What about the second case? Why would a virus be ineffective at spreading? To survive, each copy of a virus must on average produce one copy of itself before it "dies". If, on average, a virus produces more than one copy of itself before it "dies", it will spread epidemically (fig. 1). By "die", I mean, anything that stops it from working. This could be being detected and destroyed by anti-virus software, or the virus payload triggering and formatting the hard disk. As an extreme example, a virus that formats your hard disk the first time the computer is rebooted would not spread. A real example is the overwriting viruses, these, when they infect a file, overwrite the program rather than attaching themselves to it. The result is that the program no longer functions. A virus like this can do a lot of damage on one machine, but people soon notice that every time they run a program, it stops working. So, the virus is caught and destroyed before it spreads further. A successful virus, then, must stay hidden as long as possible and produce copies of itself rapidly. We saw, in an earlier article, how fast infectors, slow infectors and sparse infections try this in different ways.
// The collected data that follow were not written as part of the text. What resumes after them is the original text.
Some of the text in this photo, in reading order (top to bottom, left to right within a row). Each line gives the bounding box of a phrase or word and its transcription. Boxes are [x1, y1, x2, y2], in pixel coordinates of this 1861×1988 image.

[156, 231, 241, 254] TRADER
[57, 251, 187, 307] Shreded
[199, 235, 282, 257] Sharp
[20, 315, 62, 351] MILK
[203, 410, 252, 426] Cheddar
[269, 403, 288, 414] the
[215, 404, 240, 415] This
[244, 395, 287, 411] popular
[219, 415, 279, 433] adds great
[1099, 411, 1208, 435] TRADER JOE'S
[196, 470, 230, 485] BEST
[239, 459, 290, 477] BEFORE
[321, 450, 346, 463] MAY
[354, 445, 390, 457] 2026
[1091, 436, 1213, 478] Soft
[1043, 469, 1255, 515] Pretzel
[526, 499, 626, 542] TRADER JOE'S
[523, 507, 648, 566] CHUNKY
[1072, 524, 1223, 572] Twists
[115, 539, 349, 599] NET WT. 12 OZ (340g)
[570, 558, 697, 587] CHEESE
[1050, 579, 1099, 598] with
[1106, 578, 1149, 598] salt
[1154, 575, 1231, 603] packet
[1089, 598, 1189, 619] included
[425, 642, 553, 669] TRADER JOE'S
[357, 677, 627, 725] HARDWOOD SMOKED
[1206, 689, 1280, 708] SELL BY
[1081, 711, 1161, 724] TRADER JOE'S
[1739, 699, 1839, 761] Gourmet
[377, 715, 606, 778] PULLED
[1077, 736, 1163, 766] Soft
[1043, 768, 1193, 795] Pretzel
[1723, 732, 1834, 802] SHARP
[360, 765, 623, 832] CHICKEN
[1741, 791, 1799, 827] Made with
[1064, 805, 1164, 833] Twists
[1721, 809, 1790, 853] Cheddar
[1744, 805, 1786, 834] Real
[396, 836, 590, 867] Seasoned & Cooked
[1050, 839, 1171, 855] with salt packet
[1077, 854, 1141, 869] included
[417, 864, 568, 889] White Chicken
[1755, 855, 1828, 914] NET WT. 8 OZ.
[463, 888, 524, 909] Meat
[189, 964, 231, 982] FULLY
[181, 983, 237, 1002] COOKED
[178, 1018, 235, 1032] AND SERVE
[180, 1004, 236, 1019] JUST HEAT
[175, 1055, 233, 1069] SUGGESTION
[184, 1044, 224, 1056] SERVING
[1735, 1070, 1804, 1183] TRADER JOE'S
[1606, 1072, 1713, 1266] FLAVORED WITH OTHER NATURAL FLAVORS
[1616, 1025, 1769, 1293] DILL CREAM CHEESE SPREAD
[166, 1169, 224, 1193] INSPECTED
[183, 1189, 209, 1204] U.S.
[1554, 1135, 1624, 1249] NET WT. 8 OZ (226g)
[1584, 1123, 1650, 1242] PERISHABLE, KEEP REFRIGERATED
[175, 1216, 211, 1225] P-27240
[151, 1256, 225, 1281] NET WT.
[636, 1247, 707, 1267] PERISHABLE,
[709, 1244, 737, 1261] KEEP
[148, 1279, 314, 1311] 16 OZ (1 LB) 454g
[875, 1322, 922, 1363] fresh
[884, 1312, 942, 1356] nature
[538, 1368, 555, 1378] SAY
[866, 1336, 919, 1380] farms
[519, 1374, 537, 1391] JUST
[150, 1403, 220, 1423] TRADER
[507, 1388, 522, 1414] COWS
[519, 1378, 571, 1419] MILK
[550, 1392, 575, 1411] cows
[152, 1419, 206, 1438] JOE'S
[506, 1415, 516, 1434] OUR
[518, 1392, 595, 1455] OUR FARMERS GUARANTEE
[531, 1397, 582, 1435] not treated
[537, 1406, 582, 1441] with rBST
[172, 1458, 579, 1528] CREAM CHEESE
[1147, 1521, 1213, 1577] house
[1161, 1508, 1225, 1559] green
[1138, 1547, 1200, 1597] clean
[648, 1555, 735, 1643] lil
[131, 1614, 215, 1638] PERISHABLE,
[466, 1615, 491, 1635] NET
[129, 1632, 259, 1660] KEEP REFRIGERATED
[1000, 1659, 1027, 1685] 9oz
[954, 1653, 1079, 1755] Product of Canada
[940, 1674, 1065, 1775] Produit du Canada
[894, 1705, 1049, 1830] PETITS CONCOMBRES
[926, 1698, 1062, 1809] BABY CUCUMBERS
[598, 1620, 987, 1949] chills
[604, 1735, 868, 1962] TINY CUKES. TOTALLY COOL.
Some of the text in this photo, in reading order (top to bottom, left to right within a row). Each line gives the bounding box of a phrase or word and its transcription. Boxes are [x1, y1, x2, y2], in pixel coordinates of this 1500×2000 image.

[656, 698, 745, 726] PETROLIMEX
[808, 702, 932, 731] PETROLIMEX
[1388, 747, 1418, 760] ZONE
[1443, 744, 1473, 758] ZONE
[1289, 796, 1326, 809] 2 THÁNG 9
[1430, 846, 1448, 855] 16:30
However, the major determinant of how well a file virus spreads is not a characteristic of the virus, but whether it is mass-distributed. Normal infection methods spread file viruses slowly, but if a virus can be distributed to thousands of people, it will become an instant problem, and it will remain a problem for many months, if not years. This is because there will be a reservoir of infection in backups and on disks forgotten in desk drawers that will occasionally cause a new outbreak. How then, can a virus get this mass-distribution? Two major channels exist, commercial software distribution, and bulletin boards and equivalents. Commercial software includes shrink-wrapped packages, demo diskettes from exhibitions, and device driver diskettes included with hardware. In each case, you are trusting the quality control of the manufacturer if you install without scanning for viruses. In the second category, as just one example, the Kaos-4 virus was distributed world-wide via the alt.binaries.pictures.erotica news-group on Internet. This newsgroup is very popular, and an unknown number of people downloaded the supposedly erotic game that was posted and so became infected.

The evidence is that boot-sector viruses are better at spreading than file viruses. If a boot-sector virus is released, then it will become common. This reflects the difference between exchange of programs and exchange of diskettes. Some people exchange programs, but everyone exchanges data diskettes. To spread, a virus must move between machines, and a boot sector virus that can be carried on any diskette has a much better chance of doing this than a file virus that must be attached to a program. Of course, networks change this, data is transferred through the network rather than on diskette, but this has yet to change the relative effectiveness of file and boot-sector viruses. This may be because we are still only just entering the stage of networking between organisations, and diskettes are still very common.